Y como si viajáramos en un DeLorean, la estructura narrativa va y viene para entretejer vidas como hilos y pone a personajes exiliados, que buscan poner distancia de su pasado amenazador y su presente aun con nubarrones, en una patria nueva con olor a guayaba que los recibe con los brazos abiertos pero con el corazón herido con historias compartidas.

Monterrey como nuevo terruño elegido a partes iguales entre decisiones y azares del destino, les devela huellas del terror que pisó estos lares lustros ha. Nuevos personajes aparecen con su memoria zurcida por los retazos de información que se consigue a regañadientes con una paciente clepsidra y que sacia a medias la sed de saber. Contada esa parte con ojos de niña que ve al desparecido como héroe y esos mismos ojos con años encima que no se conforman con aquella visión y quieren saber. Simplemente saber.
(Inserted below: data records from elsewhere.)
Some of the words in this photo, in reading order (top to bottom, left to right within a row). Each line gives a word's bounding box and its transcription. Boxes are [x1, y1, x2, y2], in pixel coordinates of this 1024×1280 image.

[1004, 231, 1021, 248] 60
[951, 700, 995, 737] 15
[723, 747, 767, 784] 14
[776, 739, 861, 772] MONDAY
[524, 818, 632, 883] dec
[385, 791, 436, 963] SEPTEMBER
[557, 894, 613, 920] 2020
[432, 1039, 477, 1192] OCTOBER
Esta obra es un fortísimo ejercicio de memoria, ejercicio que nos hace tanta falta en este balndengue presente que se deja llevar tan fácil por doscientos ochenta caracteres, y que tarda más en darle laik a un meme que en pasar al siguiente circo mediático.

Es también un recurso para conocer voces que no son las del mandamás, de aquel que por haber ganado se arroga el derecho de escribir la historia y se ofende por algún juicio que no comparte y que exige, como en otras épocas, que las cosas sean sólo como ellos dicen, como sólo ellos las ven, como sólo ellos las nombran. Si lo pensamos bien esas guerras, o guerrillas, nacieron para combatir esos monopolios de razones y sinsentidos. Aquí. Allá. Ayer. Esperemos que hoy no sea necesario.
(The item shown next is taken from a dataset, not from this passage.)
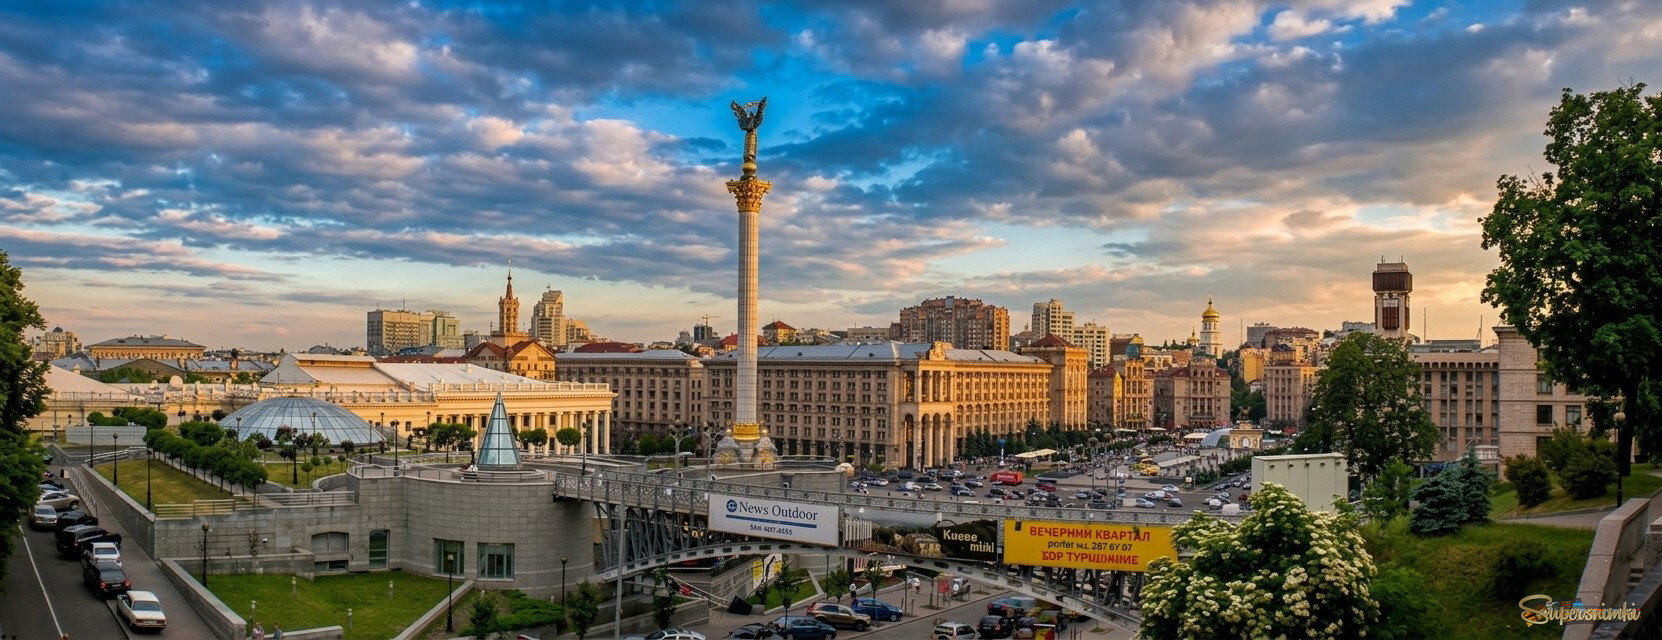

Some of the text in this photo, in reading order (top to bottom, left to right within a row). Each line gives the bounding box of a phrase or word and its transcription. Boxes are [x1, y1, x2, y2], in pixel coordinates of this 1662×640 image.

[739, 501, 818, 521] News Outdoor
[1095, 529, 1150, 542] КВАРТАЛ
El pensamiento crítico se basa en contrastar información que juzga verídica para descartar la que no lo es, por ello la memoria de los silenciados es una parte del rompecabezas que debemos armar entre todos.

«¿Y los crímenes de Diego?, ¿qué pensás de eso?
¿Qué crímenes? ¿De cuáles crímenes estás hablando?
Era un guerrillero, asaltaba bancos, mataba gente, secuestraba, ¿o no?
Por el bien, por la justicia, para cambiar el país, porque amaba su patria, porque no se aguantaba tanta mentira, tanto olvido, tanta canallada con la gente».

También la lectura de comprensión es algo de lo que adolecemos en estos tiempos. Juzgar como apología de la violencia un adjetivo sacado de contexto, o unas líneas de una obra como las que reproduje encima de este párrafo, es un flaco favor para alguien que escribe con una calidad narrativa tan bella como poderosa. No es una lectura fácil, le pide al lector sus entrañas para removerlas, su cerebro para abarcar todas las aristas de la historia, y sus retinas para apreciar colores más allá de dicotomías simplonas.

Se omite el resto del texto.